M. Abdelkrim Harchaoui, qui était hier l’invité de Radio M, a été le ministre des Finances et du Commerce des années 1990, celles des « vaches maigres », du rééchelonnement de la dette extérieure, époque où le pays vivait avec, comme il le rappelle, « avec 8 ou 9 milliards de dollars d’importations ». C’est sans doute la raison pour laquelle il juge sévèrement la fièvre de dépenses, de subventions et d’importations de la décennie écoulée.
Interviewé hier sur les ondes de Radio M., l’ancien ministre des Finances et du Commerce dans les années 1990 et une des voix les plus écoutées du RND, M. Abdelkrim Harchaoui, n’est pas convaincu que la dégringolade en cours des prix pétroliers soit due principalement, comme on l’affirme généralement, à une guerre pour les parts de marché déclenchée par l’Arabie saoudite dans le but d’empêcher la montée en puissance du pétrole de schiste américain. Il croit déceler, au contraire, dans la stratégie actuelle du royaume wahabite des « objectifs implicites relevant de considérations géostratégiques » qui visent à affaiblir en priorité des pays comme « la Russie, le Venezuela et l’Iran ». En tout état de cause, il relève que cette démarche a déjà provoqué la perte de plus de 400 milliards d’euros pour les pays pétroliers. Une manne qui a « principalement bénéficié aux grands pays importateurs de l’Union européenne auxquels elle a permis de préserver une croissance modeste au cours des deux dernières années ».

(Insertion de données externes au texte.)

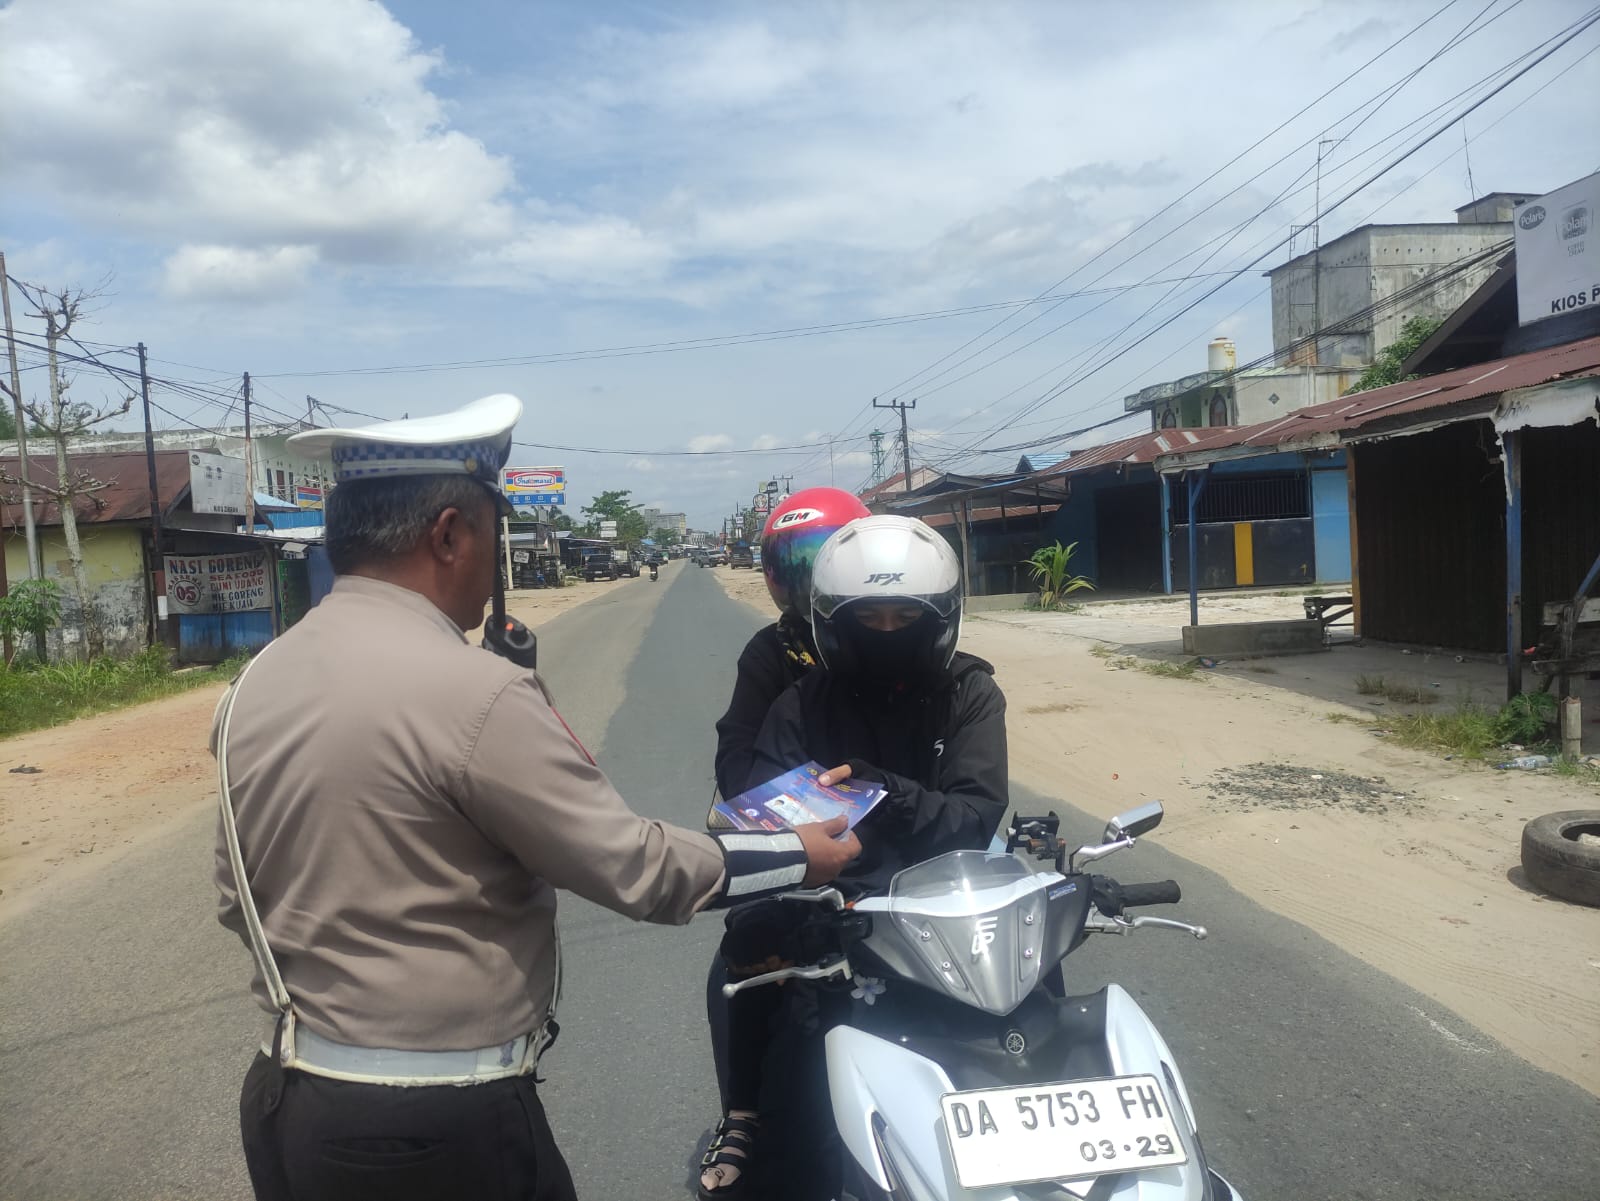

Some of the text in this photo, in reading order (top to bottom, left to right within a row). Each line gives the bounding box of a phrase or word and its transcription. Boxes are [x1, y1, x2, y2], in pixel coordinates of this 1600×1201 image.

« 45 milliards de dollars de subventions »
Interrogé sur la politique de subvention dont il est l’un des principaux pourfendeurs, l’ancien ministre est fidèle à lui-même. Il chiffre le coût global des subventions publiques à plus de 45 milliards de dollars et affirme que « sans stabilité financière, il n’y aura aucun développement économique ».
Citant l’exemple des prix subventionnés des carburants, M. Harchaoui affirme qu’ils représentent encore aujourd’hui « entre 10 et 12 % des prix internationaux » ajoutant que « si on continue au rythme de consommation actuel, dans quelques années, les Algériens devront faire un choix clair entre mettre l’essence dans leur voiture ou exporter les excédents pétroliers ». Il relève également dans l’actualité tout récente les « appels au secours répétés de Sonelgaz, dont les tarifs sont gelés depuis 2005 ». Les ajustements de prix et des tarifs sont, pour lui, « incontournables et urgents » et ils devraient prendre, pour les carburants, la forme d’« augmentations échelonnées de l’ordre de 2 à 3 dinars qui pourraient intervenir chaque semestre » voire même « tous les 3 mois ».Ce qui permettrait à la fois de « réaliser des économies pour l’Etat et de réduire la consommation ».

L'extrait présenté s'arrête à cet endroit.